«Мы не как все»: чем плоха элитарность

Недавно меня позвали на юбилей Второй школы, и я почему-то на него не пошел. И ведь нельзя сказать, что я не любил свою школу...

Я учился в ней с 1972 по 1976 год и, как только туда попал, ощутил радость. Мне нравилось вставать утром и тащиться на другой конец Москвы. Зачем? В первую очередь – общаться с одноклассниками, интересными и веселыми людьми. Были ли мы, пятнадцатилетние, самоуверенные, азартные, способные, продуктом этой школы? В значительной степени да, потому что наша математическая школа сильно выделялась на общем фоне.

Симпатичен ли мне тот подросток, которым был, например, я? Эти ли черты старался я по мере сил впоследствии осторожно прививать своим детям или ученикам? Тут мы ступаем на очень скользкую почву.

Дорогого стоит человеческая благодарность: родителям, учителям, времени, месту.

Наоборот, сетования седовласого дядьки на чужие огрехи в его воспитании звучат жалко и никого по большому счету не интересуют.

С другой стороны, мои наблюдения показывают, что благодарность всему случившемуся с тобой часто сочетается с тотальным самодовольством. И я, мол, пил портвейн, попадал в милицию – ну и что? (Не договаривается: а вырос таким молодцом.) А вот я не уверен, что вырос таким уж молодцом.

Мне пришлось многократно перетряхивать и пересматривать свои жизненные принципы и бытовые повадки, испытывать стыд за слова и поступки. Не знаю, смогу ли я объективно взглянуть на школу, в сильной степени меня сформировавшую, но я попробую.

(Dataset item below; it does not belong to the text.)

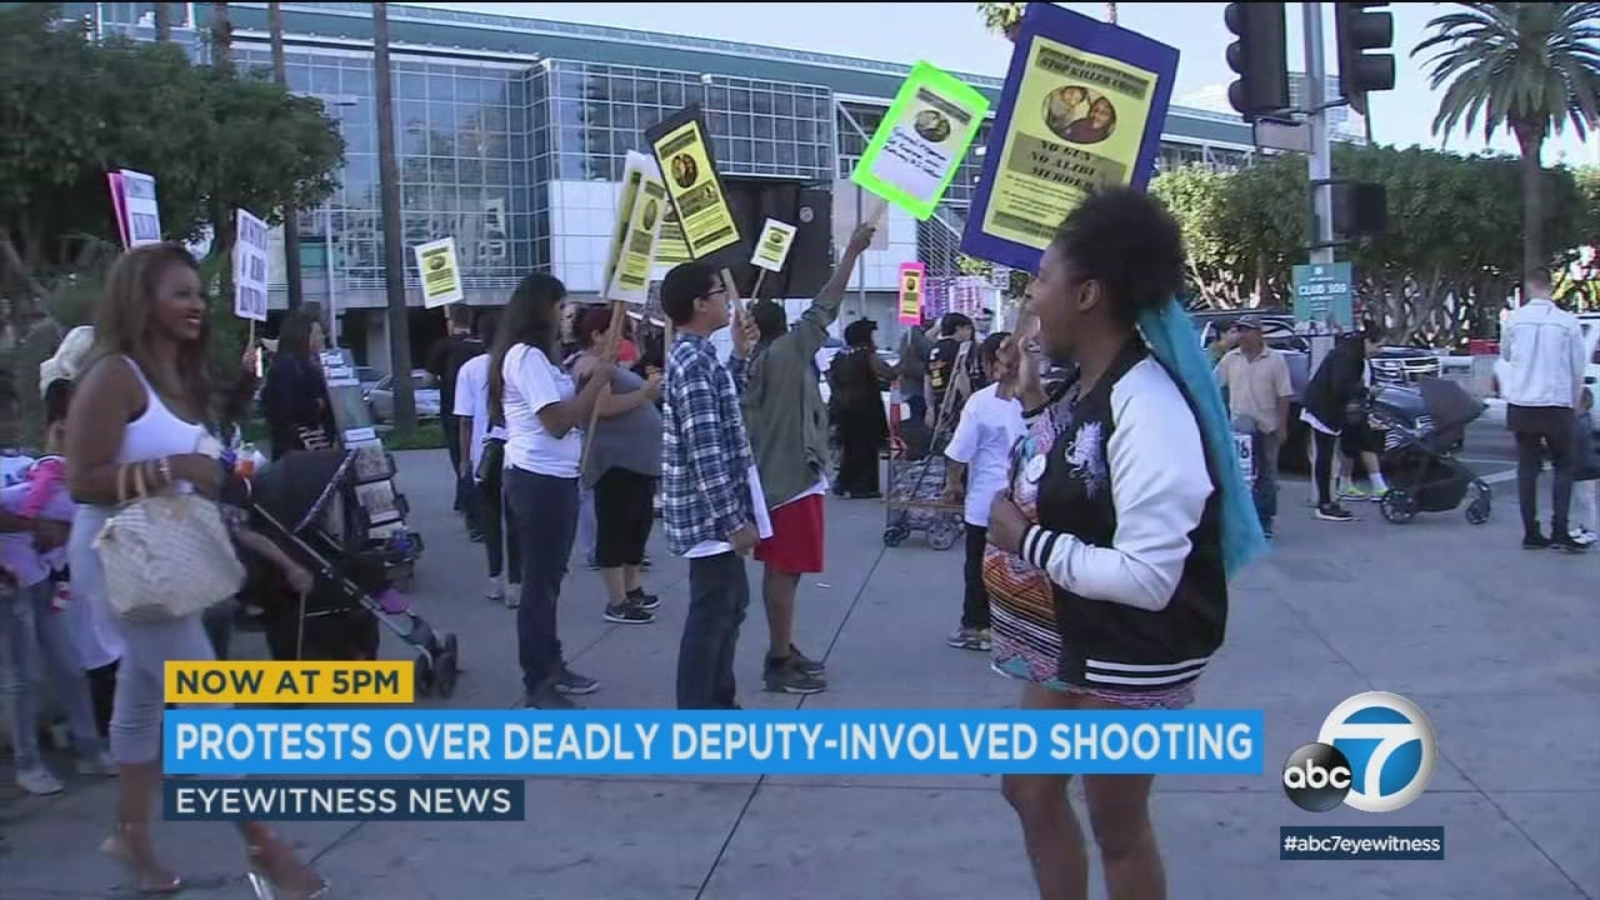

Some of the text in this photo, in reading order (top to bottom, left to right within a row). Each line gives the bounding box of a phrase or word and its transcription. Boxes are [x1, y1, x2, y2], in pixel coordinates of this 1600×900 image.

[1041, 140, 1092, 161] NO GUN
[1031, 151, 1096, 176] NO ALIBI
[1032, 166, 1095, 191] MURDER

Мы презирали народ, понимая под ним слой людей, не прошедших конкурс в вузы

В нашей школе замечательно преподавали математику. Учителя по другим предметам были самые разнообразные: чрезвычайно яркие и незапоминающиеся, диссидентствующие и совершенно советские. Этим как бы подчеркивалась важность математики в системе школьных ценностей. А так как коммунистическая идеология изобиловала противоречиями, критики математически ориентированного разума она не выдерживала. Наше свободомыслие сводилось к ее отрицанию.

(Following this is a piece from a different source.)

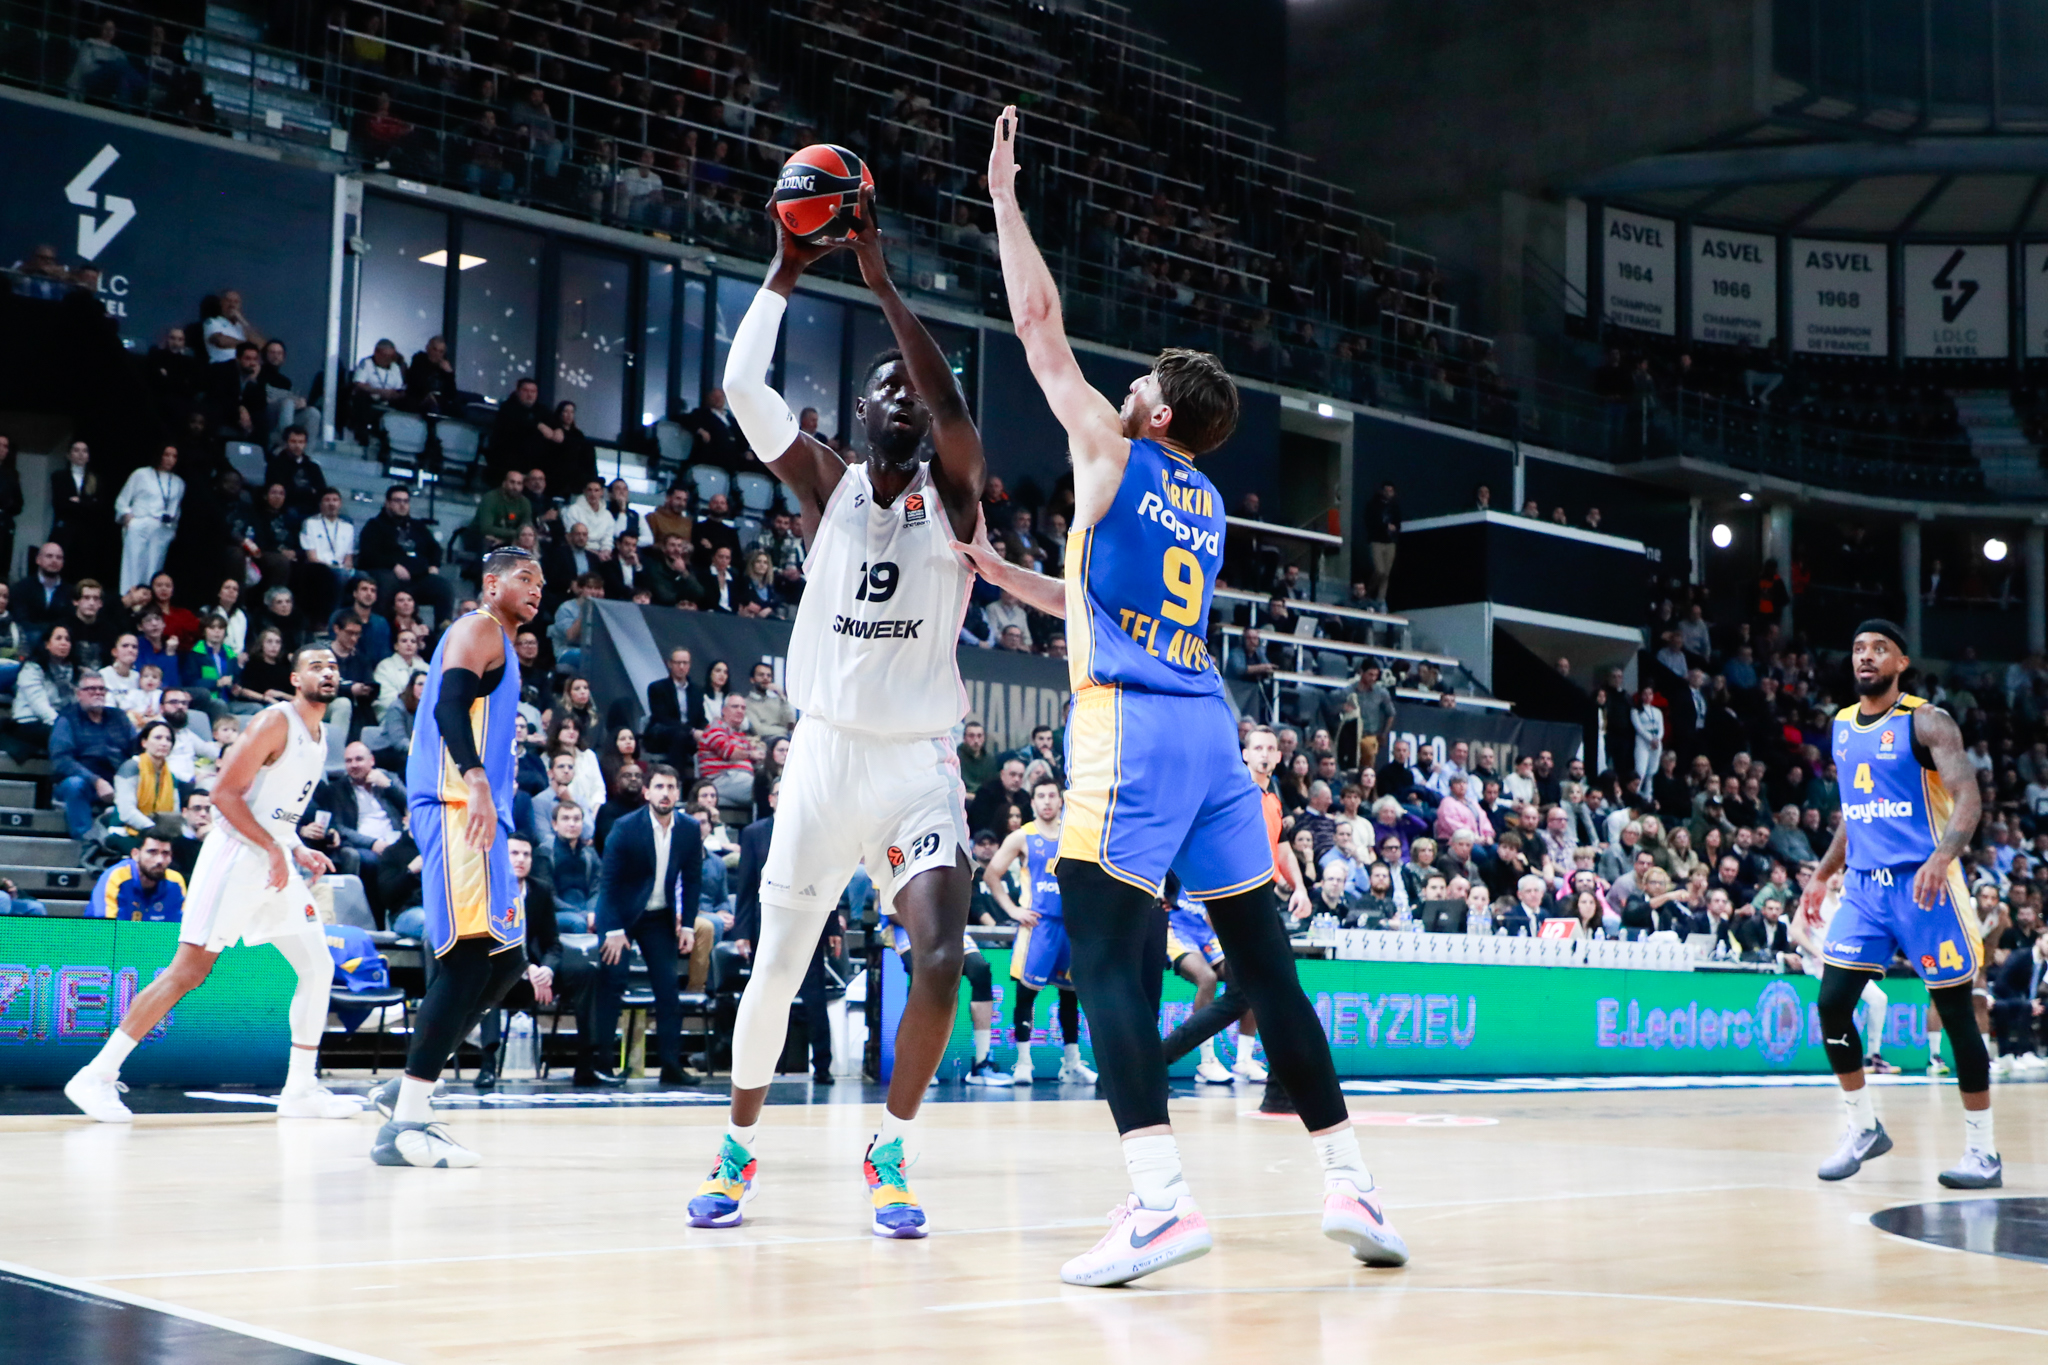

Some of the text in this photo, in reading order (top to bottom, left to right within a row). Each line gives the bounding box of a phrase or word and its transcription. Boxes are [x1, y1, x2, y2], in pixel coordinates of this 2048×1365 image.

В частности, советский большой стиль проповедовал умиление перед так называемым народом. Мы же презирали народ, понимая под ним слой людей, не прошедших конкурс в вузы. Вообще, мы очень высоко ставили конкурсный отбор, однажды его уже пройдя и намереваясь поступательно проходить в дальнейшем.

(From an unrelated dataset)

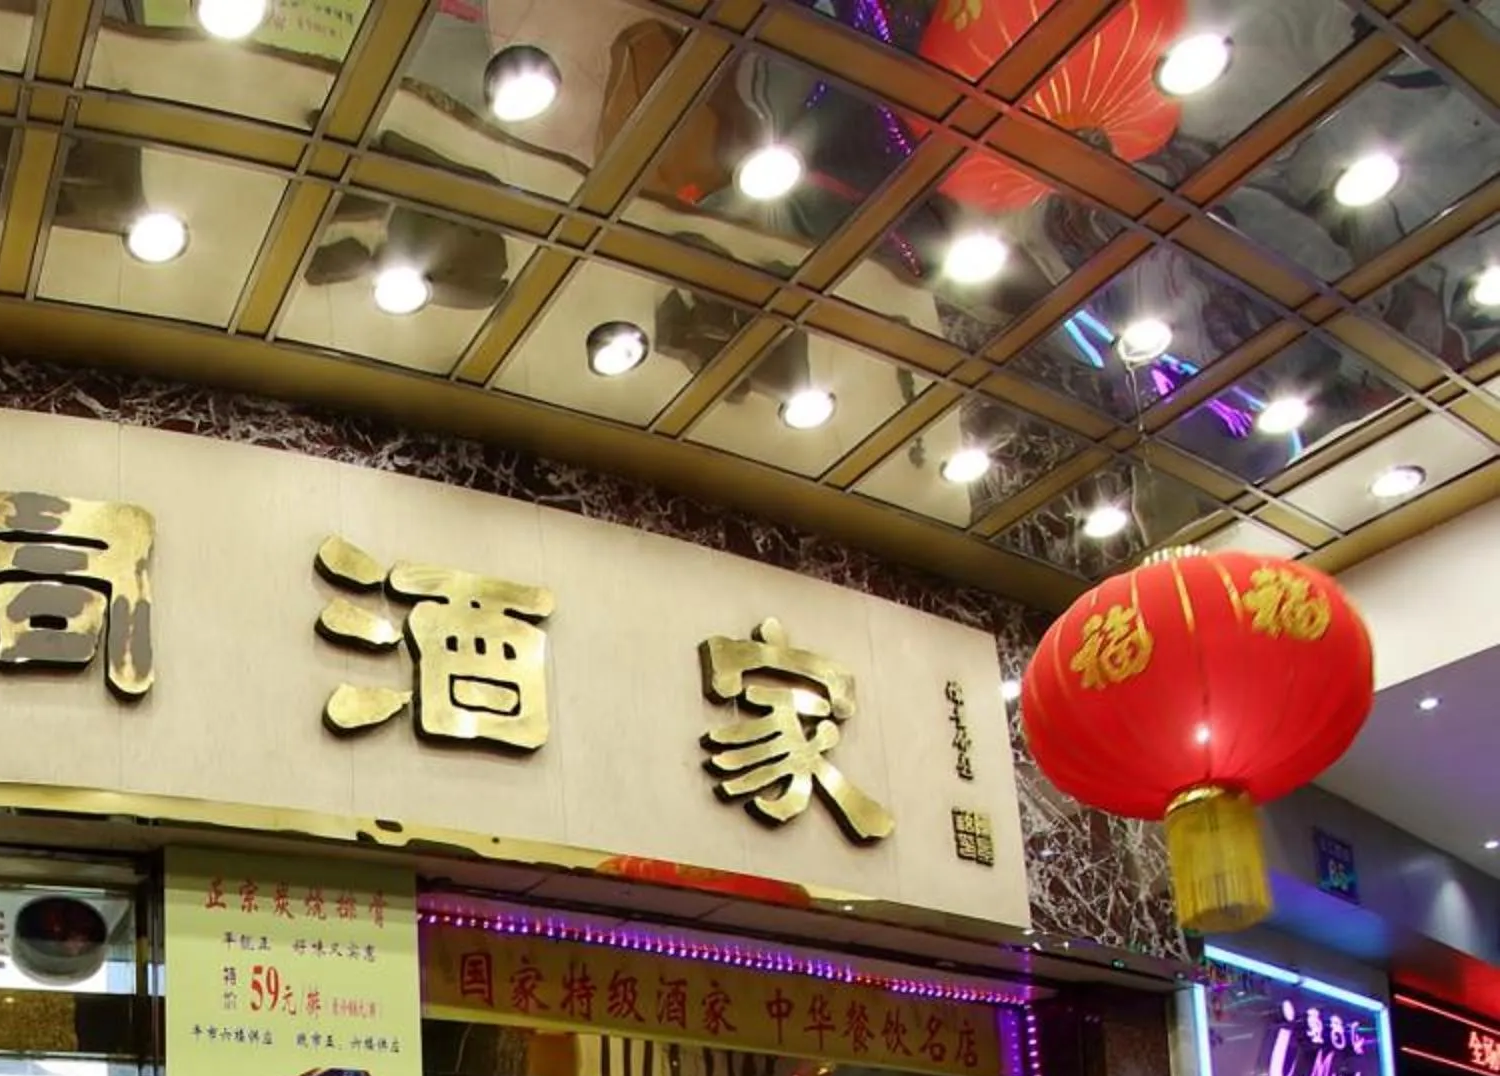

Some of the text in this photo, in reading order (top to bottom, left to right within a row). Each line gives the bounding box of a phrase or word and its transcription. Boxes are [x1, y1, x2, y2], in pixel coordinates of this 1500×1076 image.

[1241, 567, 1332, 641] 福
[1071, 603, 1154, 690] 福
[204, 877, 389, 928] 正宗炭烧排骨
[459, 951, 979, 1068] 国家特级酒家 中华餐饮名店

Есть еще один источник чувства избранности: ребенок, да и подросток воспринимает себя изнутри, а остальных людей – снаружи. То есть у него возникает иллюзия, что он сам ежеминутно живет богатой оттенками и эмоциональными всплесками духовной жизнью, а духовная жизнь остальных существует лишь в той мере, в какой он видит ее выражение.

Чем дольше длится в подростке ощущение, что он (один или с товарищами) не такой, как все, тем больше глупостей он совершает. Эта девиация лечится осознанием того, что ты в самой-самой глубине такой, как все. Что приводит к взрослению и сочувствию к другим людям.